Прогрессирующее социально-экономическое отставание от Запада было просто неизбежно. Периодически оно обнаруживалось и в военной области — в финансовом обеспечении, техническом оснащении и боеспособности вооруженных сил. К сожалению, выход каждый раз находили не в энергичном приоритетном развитии гражданской экономики, а в новых источниках для увеличения военной мощи. Реформаторство в России всегда было подчинено гипертрофированным военным нуждам и вело страну от первоначальных побед к очередным поражениям. Так было при Петре I, заменившем дворянское ополчение на военно-поместной основе регулярной армией и флотом с нижними чинами из крепостных крестьян и развернувшим военно-стратегическое и военно-промышленное строительство на базе крепостного труда. Так было при последних Романовых, отменивших крепостное право ради военно-капиталистической индустриализации России.

2.Что дальше?

После революции милитаризм был поднят на небывалую даже для России высоту. Ленин первым обратил внимание на военно-мобилизационные возможности социализма: “Обороноспособность, военная мощь страны с национализацией банков, — писал он, — выше, чем страны с банками, остающимися в частных руках”. Еще более широкие перспективы “сбережения народных средств и сил” для войны видел он в национализации промышленных синдикатов и мечтал о превращении “всего государственного экономического механизма в единую крупную машину, в хозяйственный организм, работающий так, чтобы сотни миллионов людей руководствовались одним планом...”
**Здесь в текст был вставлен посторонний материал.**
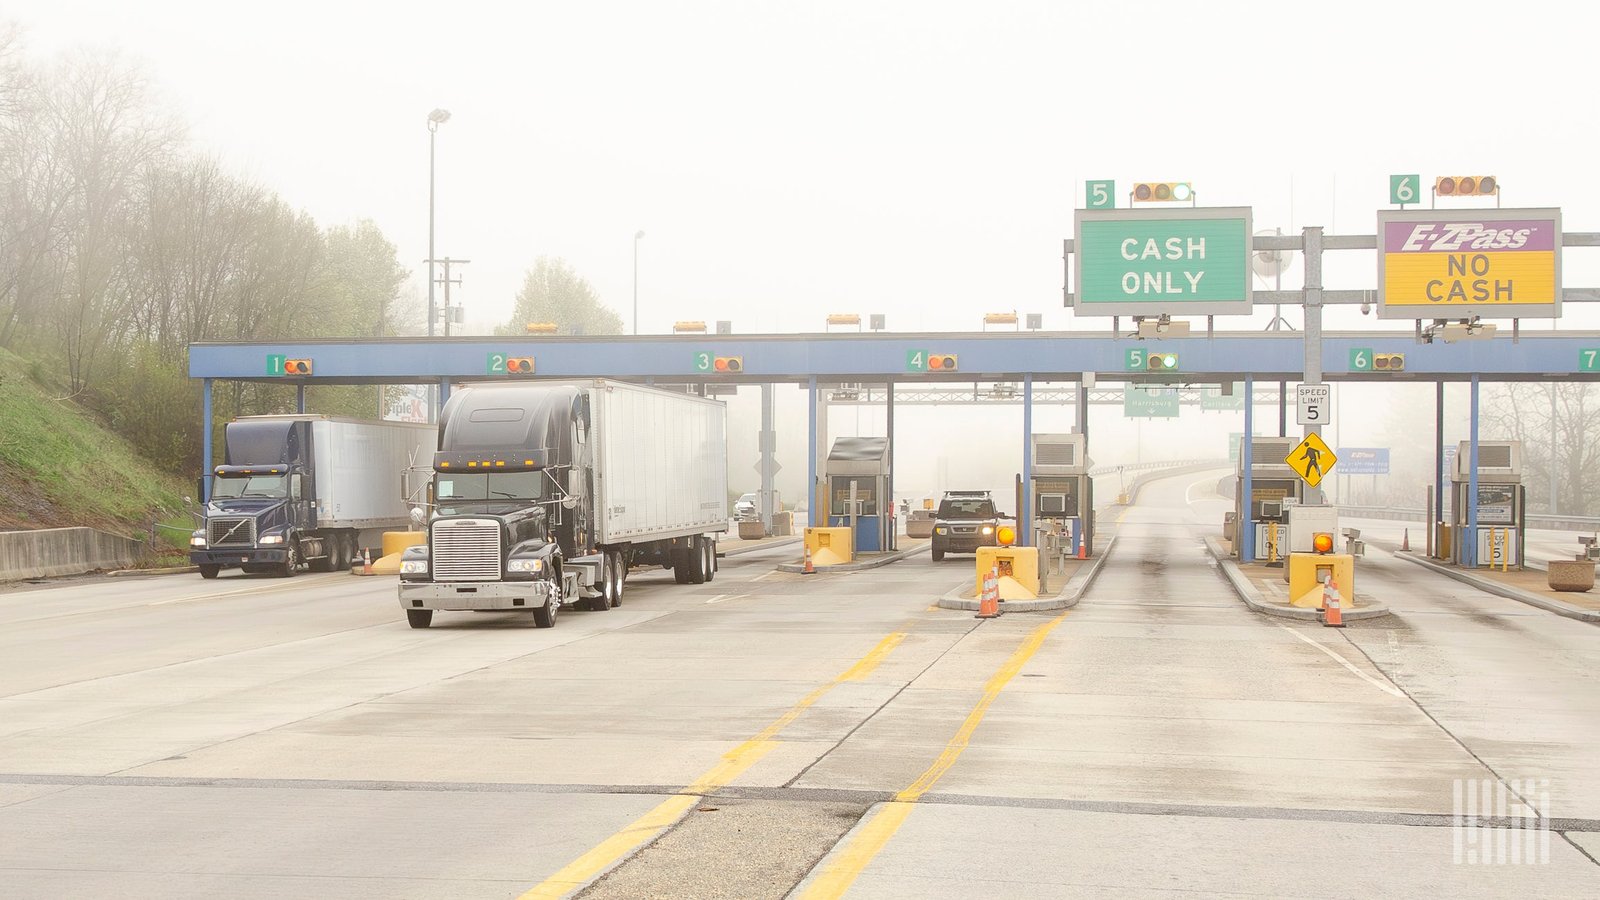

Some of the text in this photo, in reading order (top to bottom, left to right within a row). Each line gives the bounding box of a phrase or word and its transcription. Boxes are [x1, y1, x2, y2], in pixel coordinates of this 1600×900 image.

[1092, 184, 1108, 206] 5
[1397, 177, 1413, 201] 6
[1121, 237, 1206, 261] CASH
[1447, 253, 1490, 276] NO
[1121, 271, 1205, 295] ONLY
[1426, 279, 1514, 302] CASH
[274, 356, 280, 372] 1
[492, 354, 503, 371] 2
[698, 353, 709, 370] 3
[910, 352, 923, 368] 4
[1130, 350, 1142, 368] 5
[1354, 352, 1367, 368] 6
[1584, 351, 1597, 368] 7
[1299, 388, 1328, 396] SPEED
[1302, 397, 1324, 405] LIMIT
[1307, 405, 1320, 420] 5
[1493, 547, 1502, 559] 5
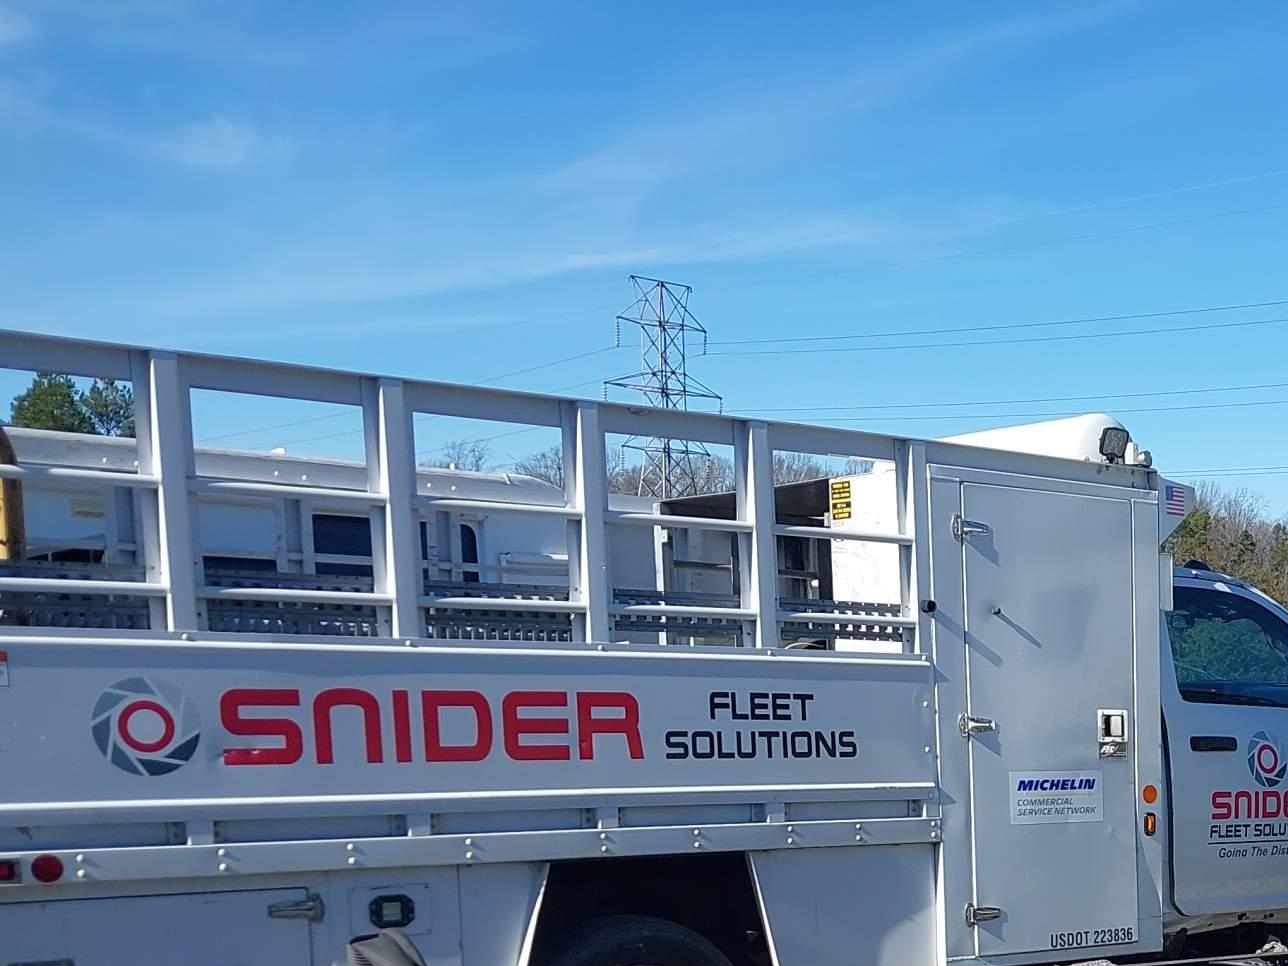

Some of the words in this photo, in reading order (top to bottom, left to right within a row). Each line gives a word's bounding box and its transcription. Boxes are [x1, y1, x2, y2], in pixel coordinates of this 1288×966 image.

Уже в марте 1919 года VIII съезд РКП(б) поставил задачу сделать армию “самой могучей армией, какую знал мир”. В резолюции по военному вопросу говорилось: “...ее снабжение будет непосредственно питаться могущественно возросшим социалистическим производством. Она будет не только орудием обороны социалистического общежития против возможных нападений со стороны еще сохранившихся империалистических государств, но она позволит оказать решающую поддержку пролетариату этих государств в его борьбе с империализмом”. Не кардинальное улучшение жизни трудящихся масс России, не высший жизненный уровень на земле хотя бы в отдаленной перспективе, а высшее военное могущество ради мирового господства — вот подлинный исторический выбор новых хозяев жизни, альфа и омега всей их преобразовательной деятельности.

Сосредоточение всех средств производства в руках государства, всей государственной власти в руках одной партии, всей партийной власти в руках ее генсека — вождя позволило сделать генеральной линией развития страны ускоренное наращивание тяжелой промышленности и военного потенциала за счет народного потребления и нещадной выкачки природных богатств. Если с учетом исторического опыта уточнить известную ленинскую формулу, то следовало бы сказать: “Коммунизм есть советская власть плюс электрификация всей страны в военных целях”. На эти цели даже в мирное время стало уходить 80% национального дохода и производственных ресурсов. Это означало, что народ получал для обустройства своей жизни в пять раз меньше создаваемого им. Каждые 100 человек, занятых в гражданской экономике, должны были содержать 400 человек, занятых в военной экономике “выбрасыванием капитала в воду”, как говорил Карл Маркс.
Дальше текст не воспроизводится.